Authors: Gene Doucette
Beverly helped him to his feet and handed him his cane, which was one of those damned metal ones with the four-pronged feet. The whole place was full of them, which meant everyone had the same sort of trouble pedestrians with open umbrellas have navigating sidewalks. Except most pedestrians don’t fall over when you knock their umbrellas askew.
Without being asked, the intern took his arm at the elbow and walked him patiently—i.e. slowly, as he was on his second hip and third knee—down the church pew-sized row to the side door. His departure in mid-Bingo caused a mild ripple of interest, which would surely turn into a tremendously complex bit of gossip by dinnertime—not that he particularly cared.
Ames was what one might call maladjusted to his current lot in life. Specifically, he hated being old and wished on more than one occasion that he had not outlived his wife—even though she divorced him two years before her own death due in large part to the aforementioned maladjustment. If he were to ever adopt a “physician, heal thyself” mentality, he might even conclude that he was in dire need of antidepressants. Sadly, he usually didn’t care enough to show any interest in making himself less miserable, so that was out of the question.
The side door led to a wide corridor with the hall he’d just left on one side and large, tinted picture windows on the other. Through the window one could see the rotunda that stood before the visitors center and beyond that the brick walls and iron gates that marked the boundary of the gated community/elderly hospice/hell on Earth. It was a place where older persons such as himself might move if they wanted all the disadvantages of an old age home combined with all of the disadvantages of living alone in a private condo
and
all the disadvantages of living in New England. And people wondered why he was grouchy.
The telephone took a few minutes to get to, as it was at the front desk and they had left by the least convenient door, but when they did get there the phone line was still lit up. Beverly helped him around to the back of the desk, sat him down, and handed him the receiver.

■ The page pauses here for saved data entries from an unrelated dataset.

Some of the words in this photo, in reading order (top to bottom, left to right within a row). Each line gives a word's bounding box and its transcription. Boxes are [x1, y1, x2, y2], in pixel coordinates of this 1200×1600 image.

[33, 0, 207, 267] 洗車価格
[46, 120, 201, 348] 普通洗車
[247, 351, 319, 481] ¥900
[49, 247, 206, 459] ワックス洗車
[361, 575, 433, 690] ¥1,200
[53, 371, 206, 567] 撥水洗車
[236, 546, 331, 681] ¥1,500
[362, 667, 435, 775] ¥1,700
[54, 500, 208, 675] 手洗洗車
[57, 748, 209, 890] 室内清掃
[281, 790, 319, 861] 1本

Corrigan Bain was already talking.
“. . . to finally find you,” he said.
“What? Corrigan? It’s . . . uh, it’s Uncle Fred. What were you saying?”
There was a pause. “I’m sorry. I’m ahead.”

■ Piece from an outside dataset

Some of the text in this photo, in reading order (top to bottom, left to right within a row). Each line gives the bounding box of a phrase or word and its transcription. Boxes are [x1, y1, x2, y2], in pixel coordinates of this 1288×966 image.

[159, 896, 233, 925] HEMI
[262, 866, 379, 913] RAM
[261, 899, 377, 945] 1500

“That’s all right,” he said. “I’m glad you found me, too. It’s good to hear a friendly voice. You said there was a death?”
Pause. “I had to say that. They wouldn’t find you for me otherwise.”
“Yes, of course. But something is the matter.”
“Something is the matter,” Corrigan agreed, and then added, “Harvey suggested I call you.”
“Harvey . . . Not Harvey Nilsson. But he died back in . . .”
“I know. He’s in my living room right now. I’m . . . I’m a little confused, Doctor. Haven’t been able to sleep for, oh, nine or ten days now because of the ghosts and . . . and . . . Well, Harvey said I should do this, and I think he may be right.”
“Corrigan, where are you?”
“It’s what we were always afraid of, isn’t it, Doc?”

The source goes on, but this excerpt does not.